Exhibit 10.3
REGISTRATION RIGHTS AGREEMENT
THIS REGISTRATION RIGHTS AGREEMENT (this “Agreement”) is made and entered into as of October 21, 2022, by and between Taysha Gene Therapies, Inc., a Delaware corporation (the “Company”), with its principal place of business at 3000 Pegasus Park Drive, Ste 1430, Dallas Texas, 75247 and Audentes Therapeutics, Inc. (d/b/a Astellas Gene Therapy) a Delaware corporation (the “Purchaser”), with its principal place of business at 600 California Street, 17th Floor, San Francisco, CA 94108 and shall become effective as of the Closing.
RECITALS
A. In connection with the Securities Purchase Agreement, by and between the Company and the Purchaser, dated as of October 21, 2022 (the “Purchase Agreement”), the Company has agreed, upon the terms and conditions stated in the Purchase Agreement, to issue and sell to the Purchaser on the Closing Date shares of Company Common Stock (the “Shares”); and
B. To induce the Purchaser to execute and deliver the Purchase Agreement, the Company has agreed to provide certain registration rights under the Securities Act, and applicable state securities laws.
AGREEMENT
NOW, THEREFORE, IN CONSIDERATION of the mutual covenants contained in this Agreement, and for other good and valuable consideration the receipt and adequacy of which are hereby acknowledged, the Company and the Purchaser agree as follows:
ARTICLE I
DEFINITIONS
Capitalized terms used and not otherwise defined herein shall have the meanings given such terms in the Purchase Agreement.
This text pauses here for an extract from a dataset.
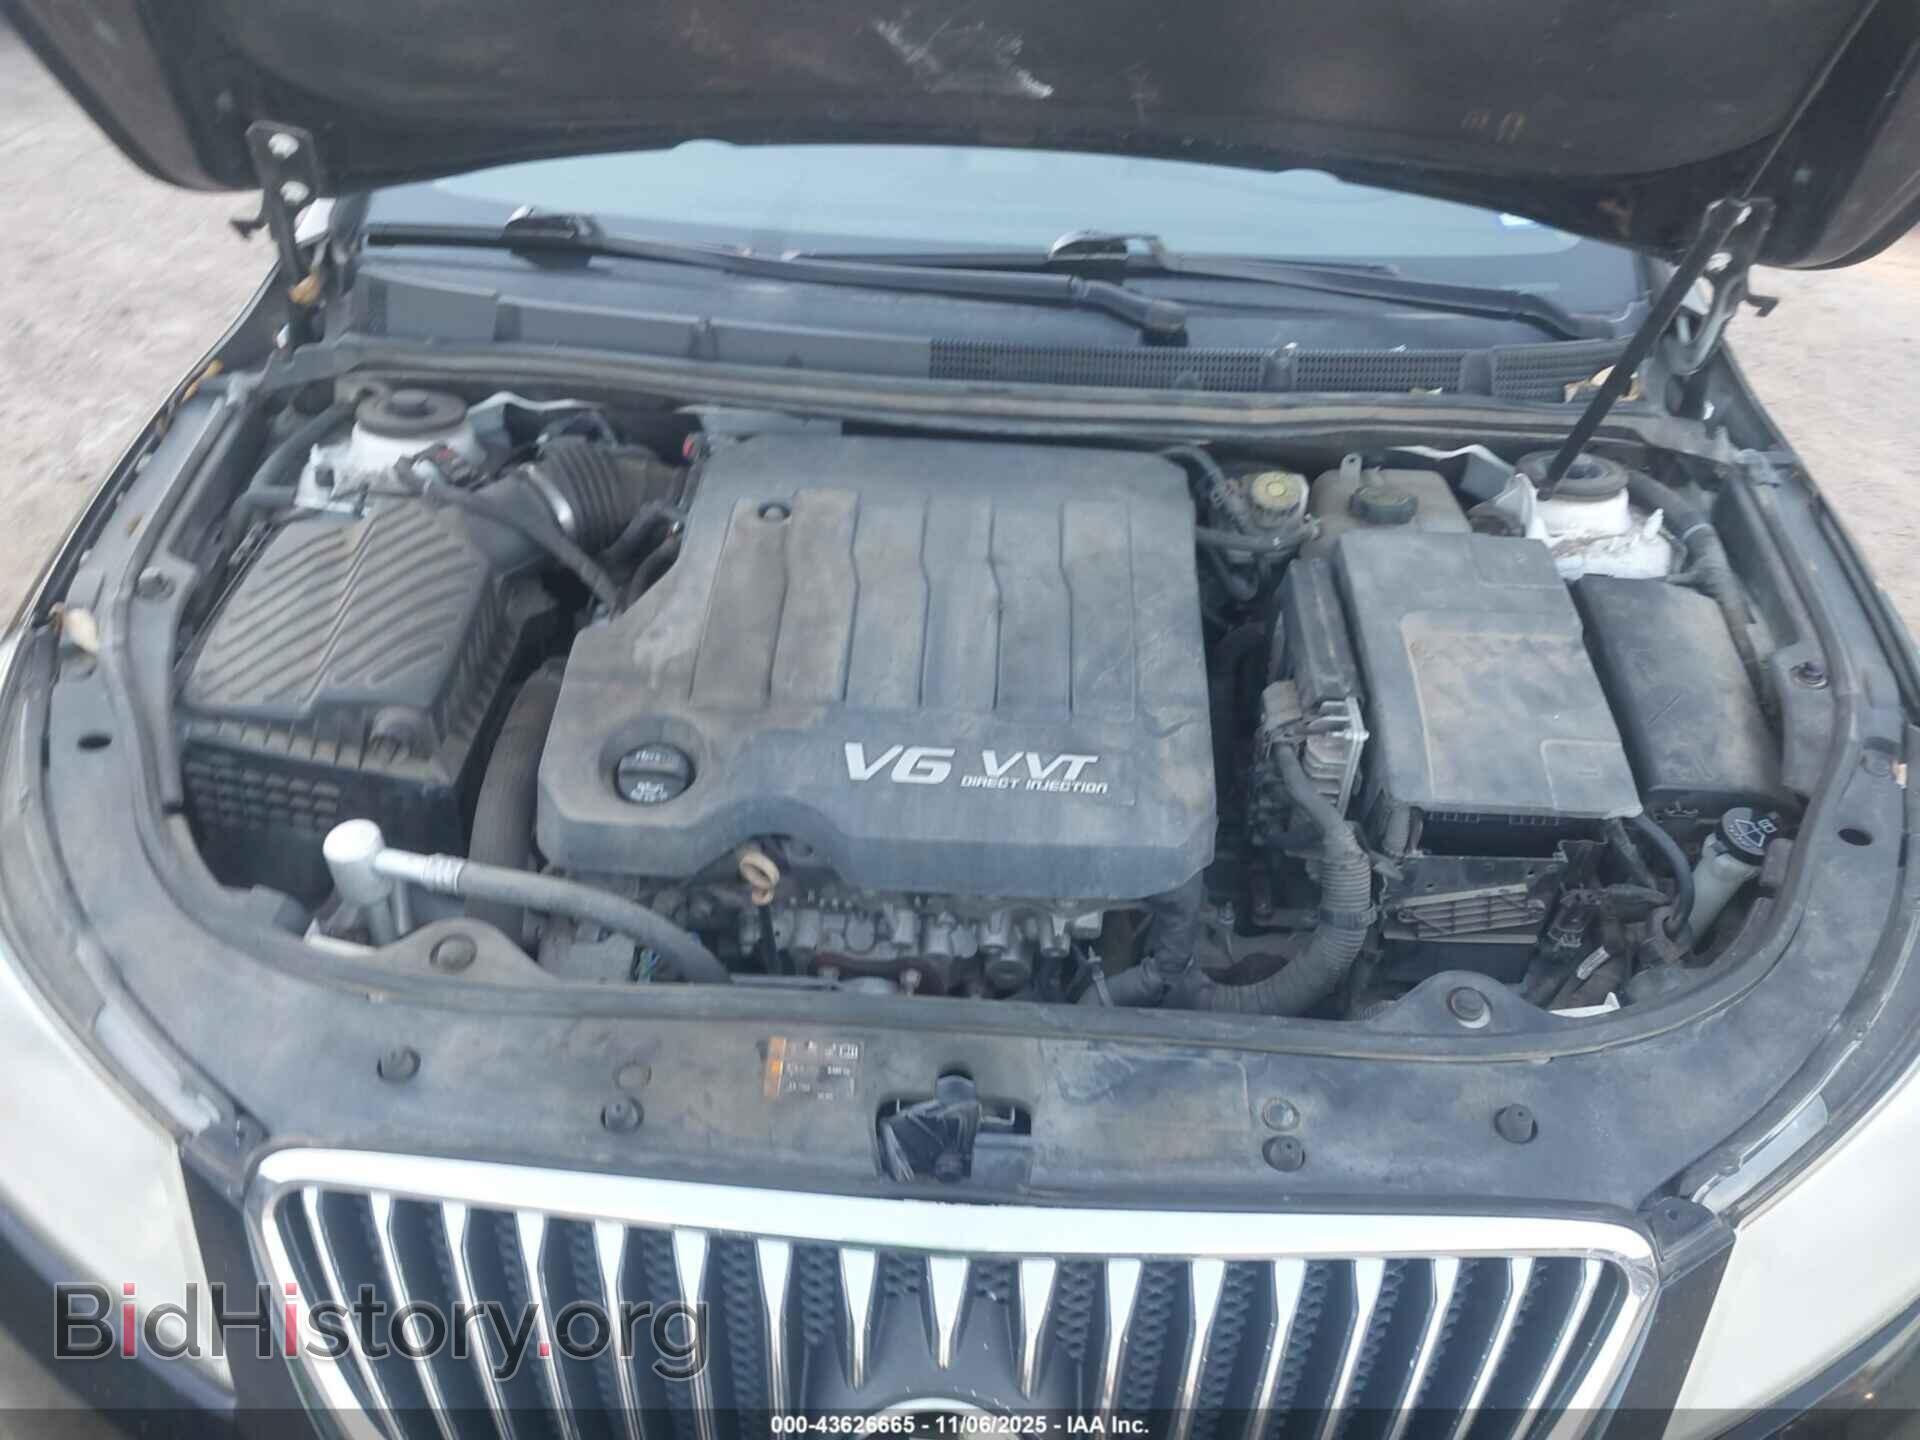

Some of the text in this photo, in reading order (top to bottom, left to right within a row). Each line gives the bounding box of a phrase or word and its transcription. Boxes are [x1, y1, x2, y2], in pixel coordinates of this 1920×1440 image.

In addition to the terms defined elsewhere in this Agreement, the following terms shall have the following meanings:
“Board” means the Board of Directors of the Company.
“Effectiveness Deadline” means the earlier of (i) the two hundred and tenth (210th) day following the Closing Date if the Commission notifies the Company that it will “review” the Initial Registration Statement and (ii) the third (3rd) day after the date the Company is notified (orally or in writing, whichever is earlier) by the Commission that the Initial Registration Statement will not be “reviewed” or will not be subject to further review.
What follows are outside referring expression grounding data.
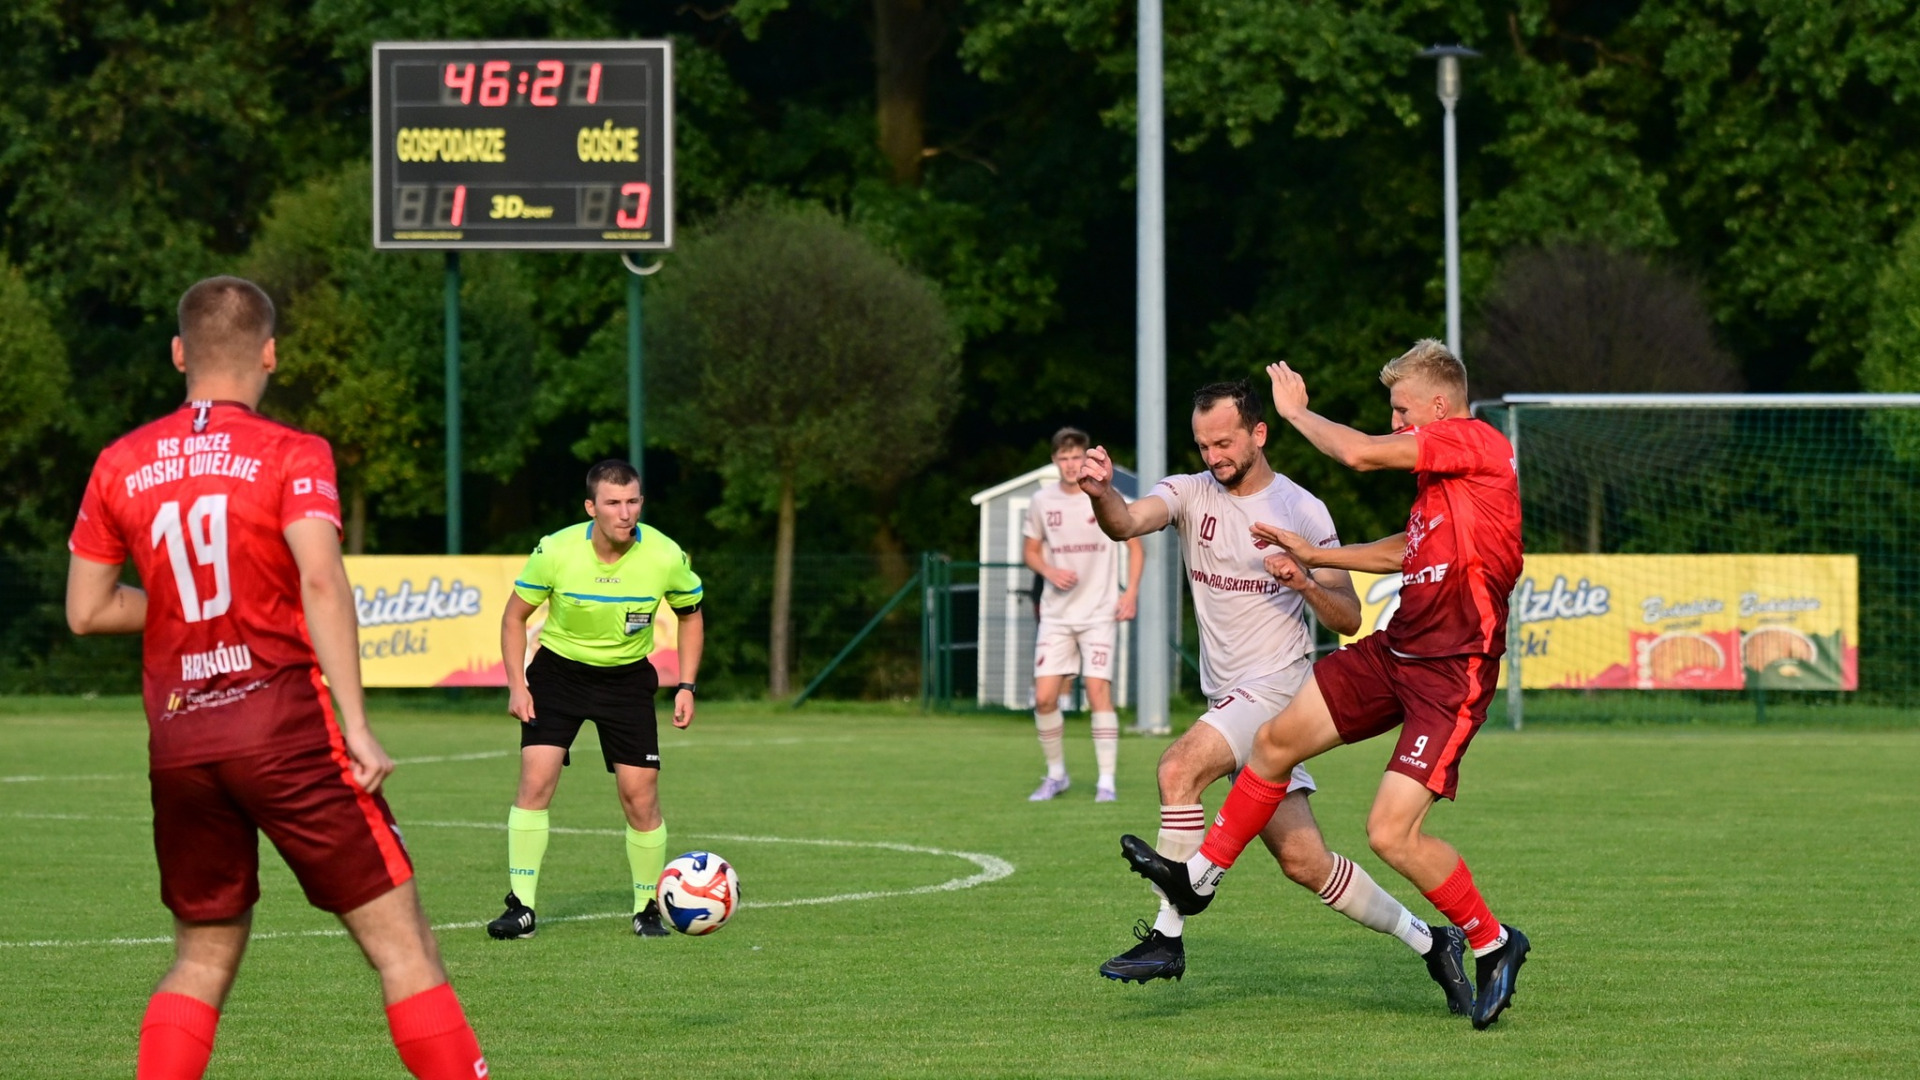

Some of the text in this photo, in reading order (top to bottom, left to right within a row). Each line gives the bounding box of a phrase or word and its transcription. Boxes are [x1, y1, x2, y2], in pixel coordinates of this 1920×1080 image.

[444, 60, 602, 107] 46:21
[397, 119, 640, 163] GOSPODARZE GOŚCIE
[157, 438, 180, 458] KS
[125, 452, 262, 498] PIASKI WIELKIE
[1046, 511, 1062, 527] 20
[1199, 513, 1217, 541] 10
[151, 493, 231, 623] 19
[354, 576, 481, 627] kidzkie
[359, 629, 430, 660] celki
[1410, 735, 1429, 758] 9
“Filing Date” means the one hundred and eightieth (180th) day following the Closing Date; provided, however, that if the Filing Date falls on a day that is not a Business Day, then the Filing Date shall be extended to the next Business Day.
“Free Writing Prospectus” means a free writing prospectus, as that term is defined in Rule 405 promulgated by the Commission pursuant to the Securities Act.